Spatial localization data
※

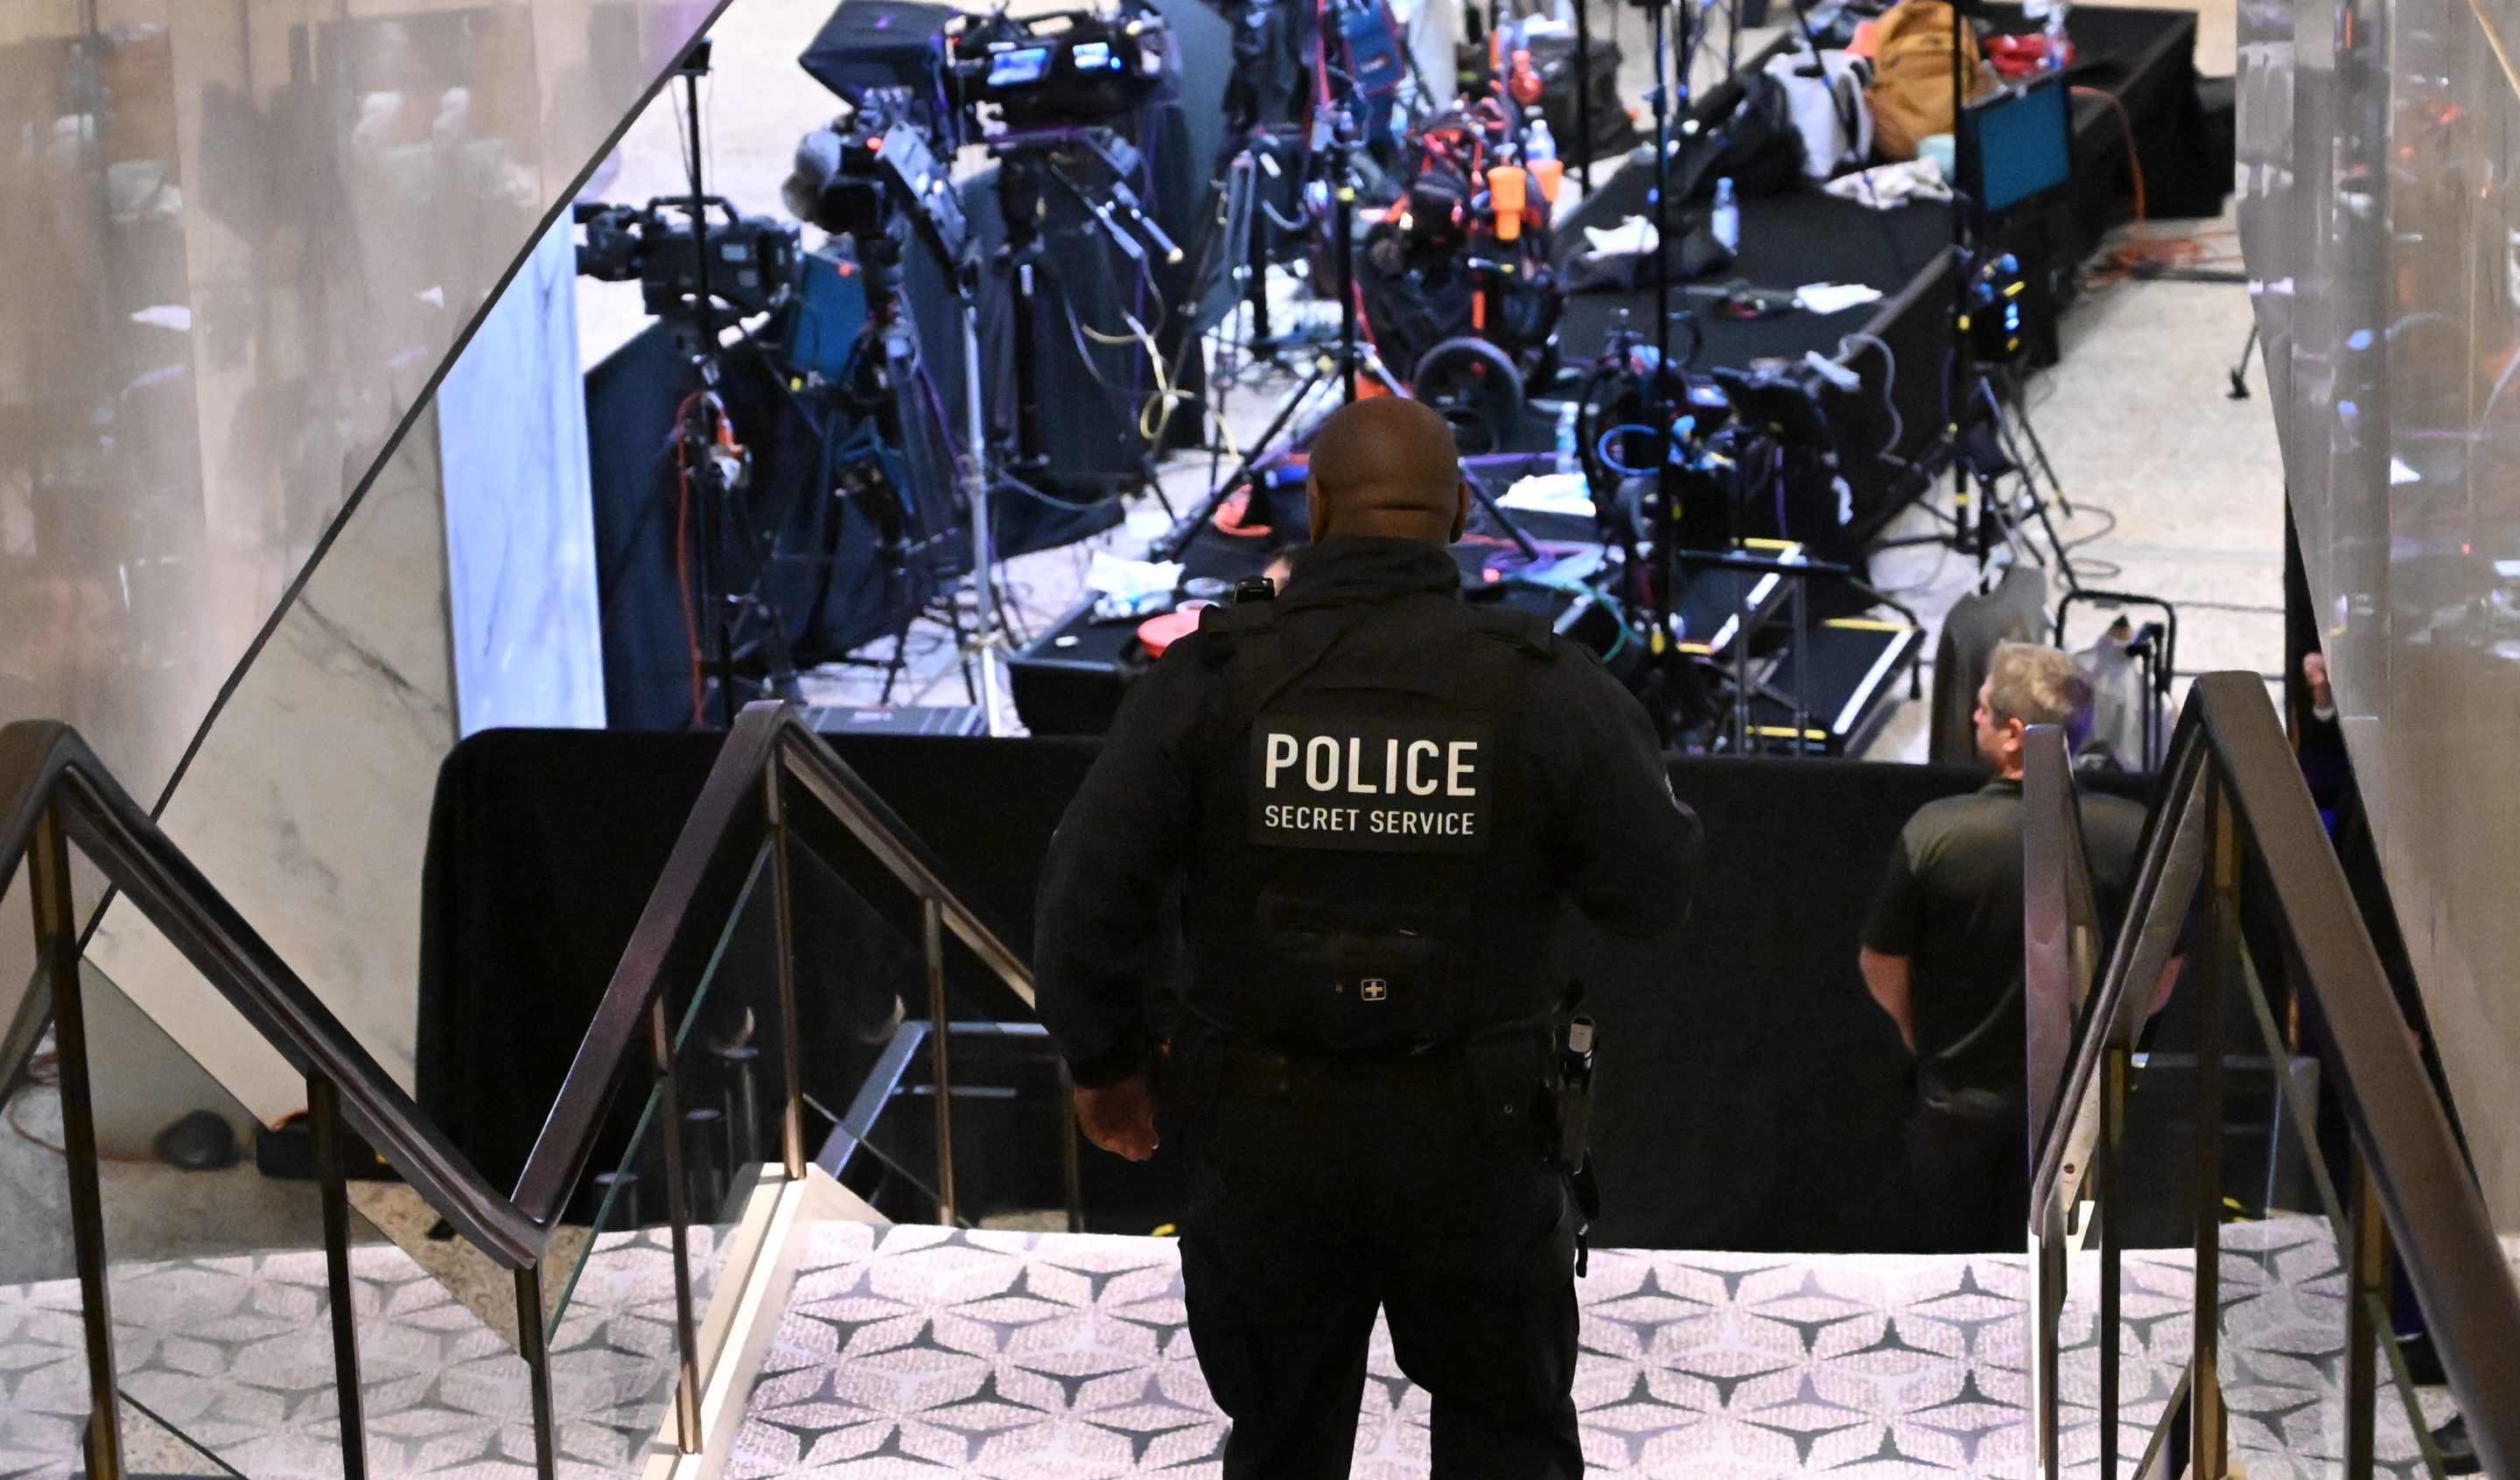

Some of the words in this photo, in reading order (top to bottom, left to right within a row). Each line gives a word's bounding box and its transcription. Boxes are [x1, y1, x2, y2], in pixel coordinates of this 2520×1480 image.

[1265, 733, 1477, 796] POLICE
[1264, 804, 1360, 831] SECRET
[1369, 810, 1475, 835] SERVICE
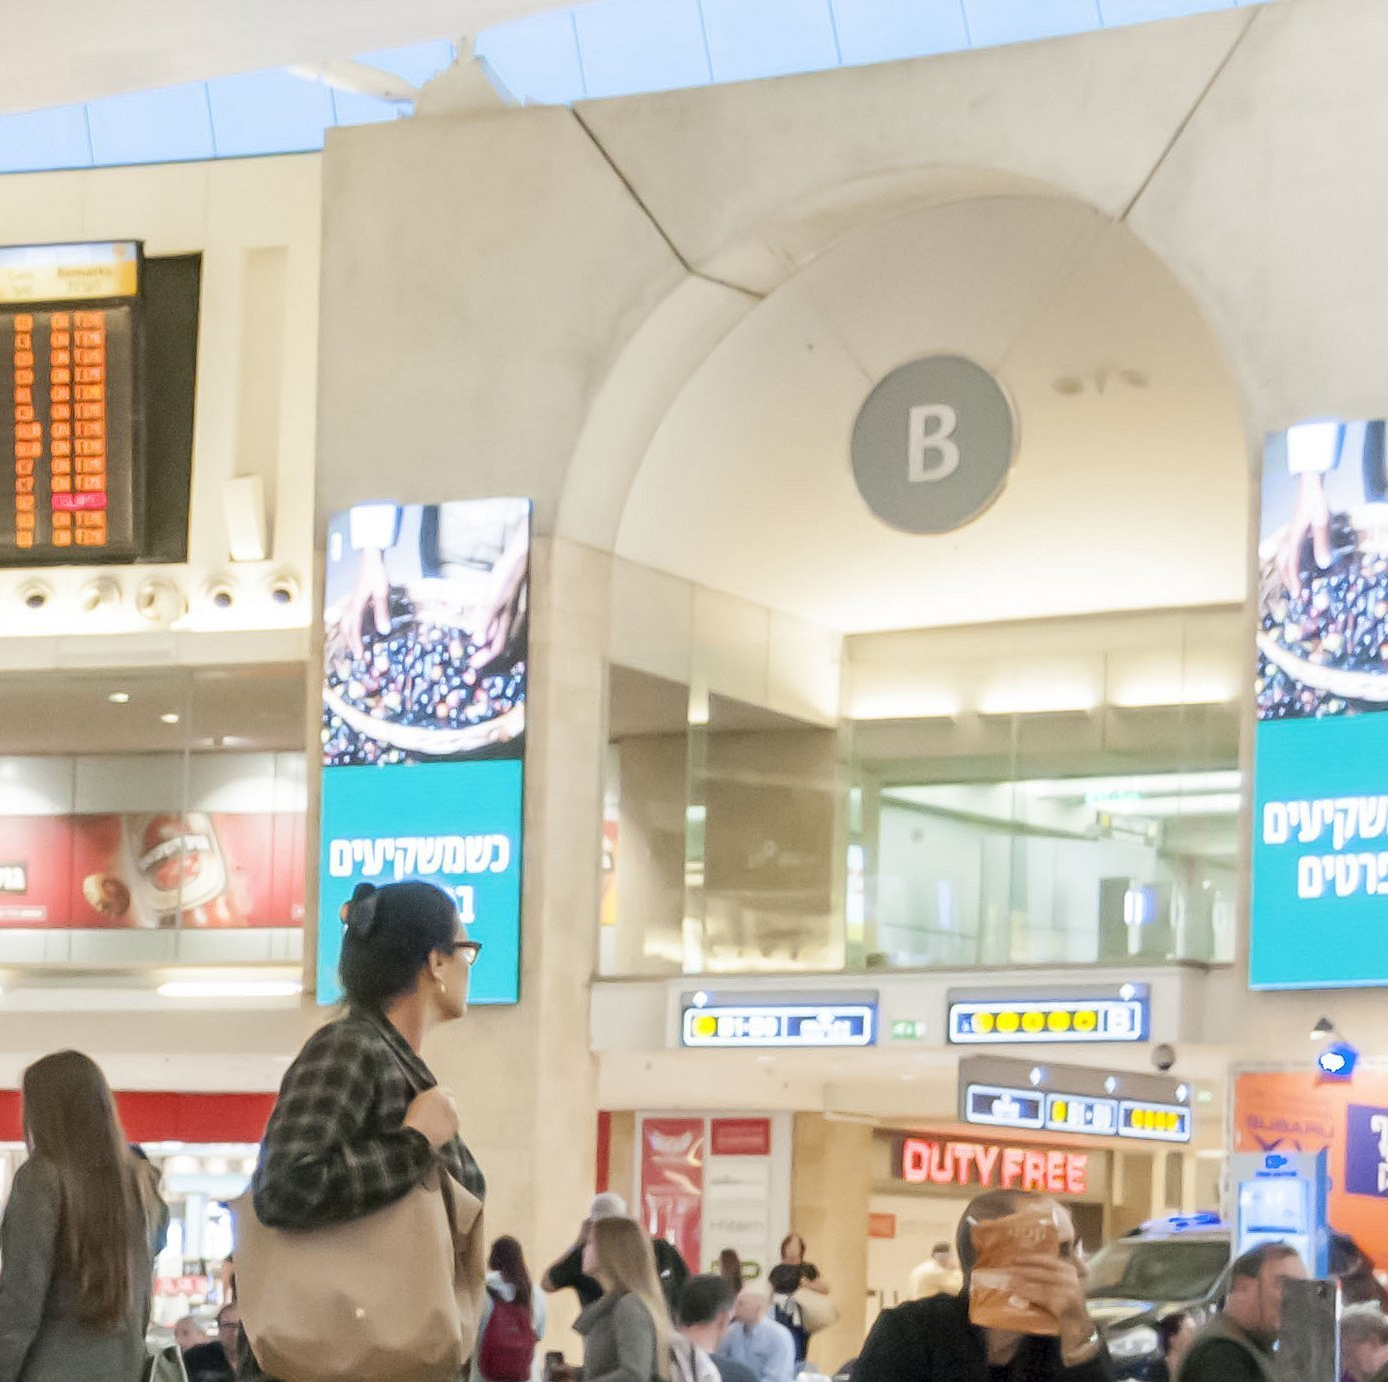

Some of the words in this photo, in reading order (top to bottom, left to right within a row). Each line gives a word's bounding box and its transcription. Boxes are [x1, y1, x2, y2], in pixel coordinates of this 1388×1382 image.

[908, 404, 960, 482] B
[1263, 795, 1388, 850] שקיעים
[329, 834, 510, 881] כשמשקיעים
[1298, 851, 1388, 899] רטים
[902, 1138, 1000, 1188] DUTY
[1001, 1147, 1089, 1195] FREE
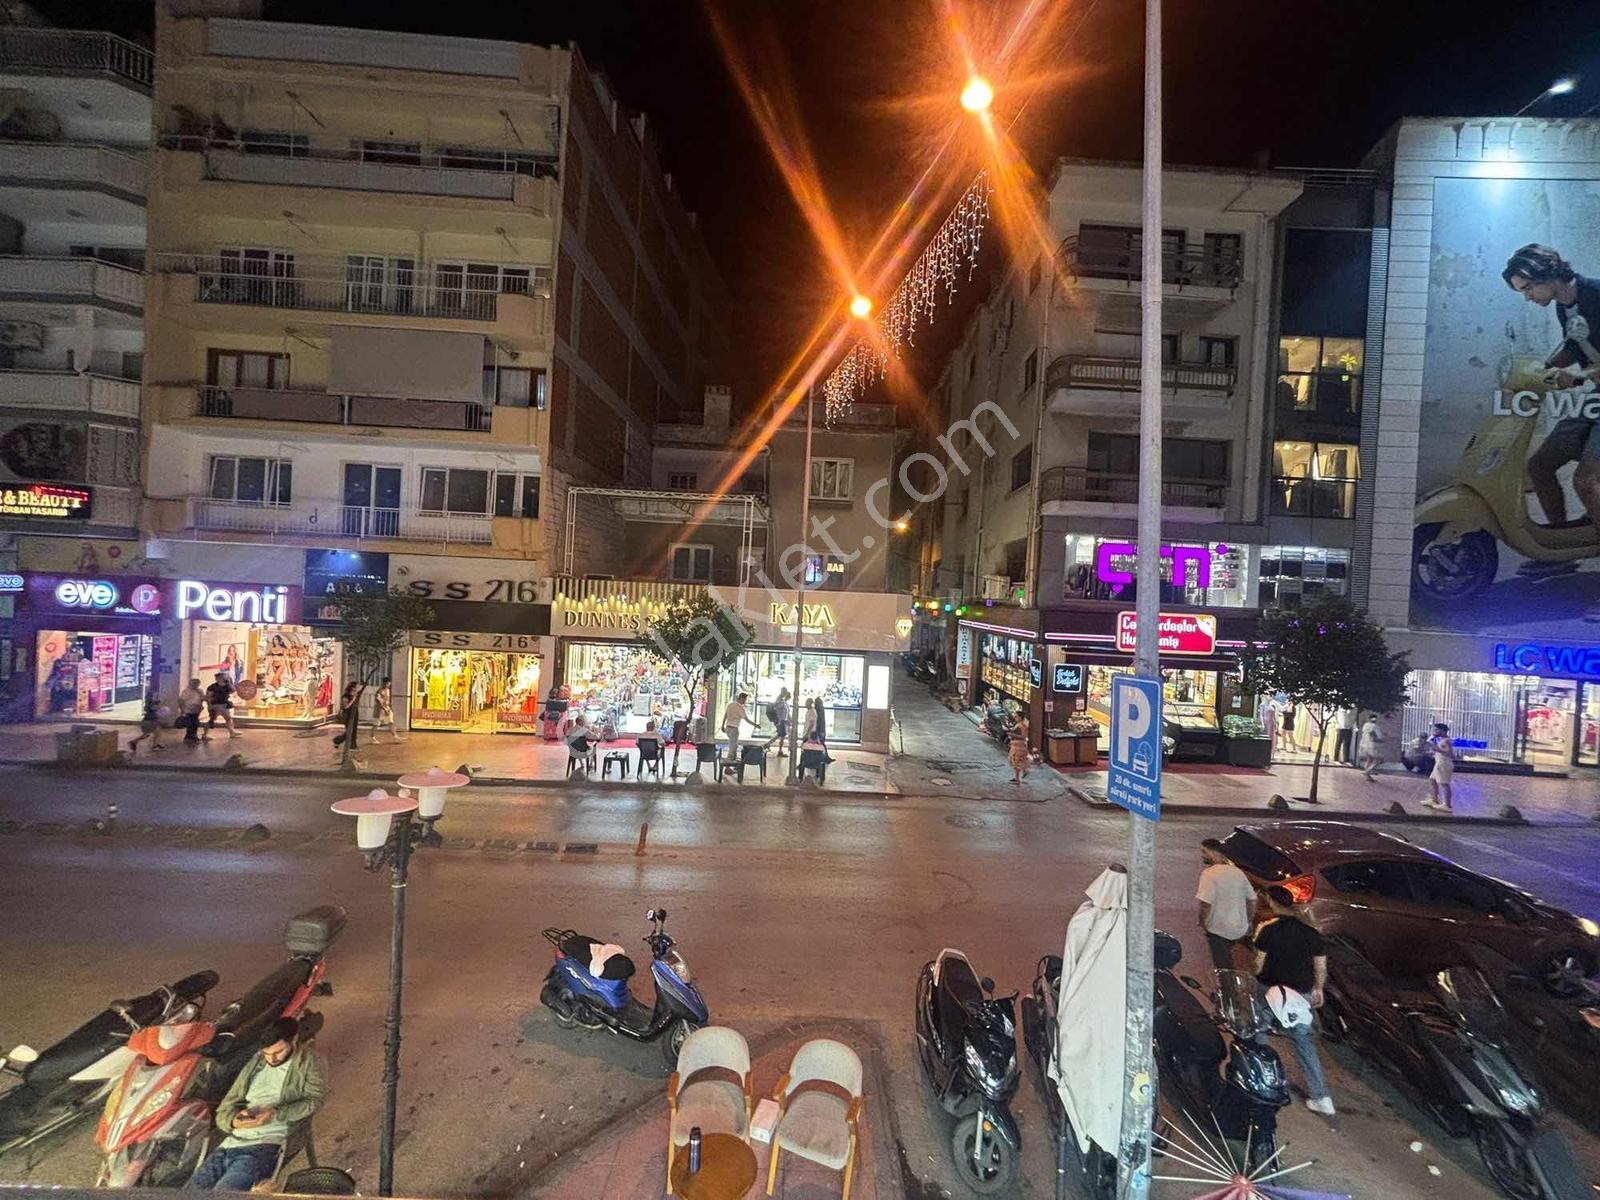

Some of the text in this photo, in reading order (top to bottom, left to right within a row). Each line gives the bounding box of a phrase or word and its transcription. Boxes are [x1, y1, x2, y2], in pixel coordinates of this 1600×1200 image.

※

Your assignment: Exact copy, no pictures: reproduce every record above.

Response:
Some of the words in this photo, in reading order (top to bottom, left to right within a row). Each line gives a word's bounding box and its transcription. Boxes are [x1, y1, x2, y2], in pixel coordinates of this 2520×1480 image.

[1265, 733, 1477, 796] POLICE
[1264, 804, 1360, 831] SECRET
[1369, 810, 1475, 835] SERVICE

Some of the words in this photo, in reading order (top to bottom, left to right within a row). Each line gives a word's bounding box and its transcription. Boxes are [x1, y1, x2, y2], in pixel coordinates of this 1388×1382 image.

[908, 404, 960, 482] B
[1263, 795, 1388, 850] שקיעים
[329, 834, 510, 881] כשמשקיעים
[1298, 851, 1388, 899] רטים
[902, 1138, 1000, 1188] DUTY
[1001, 1147, 1089, 1195] FREE

Some of the text in this photo, in reading order (top to bottom, left to right within a row). Each line gives the bounding box of a phrase or word and its transcription. Boxes are [x1, y1, x2, y2], in pixel coordinates of this 1600×1200 image.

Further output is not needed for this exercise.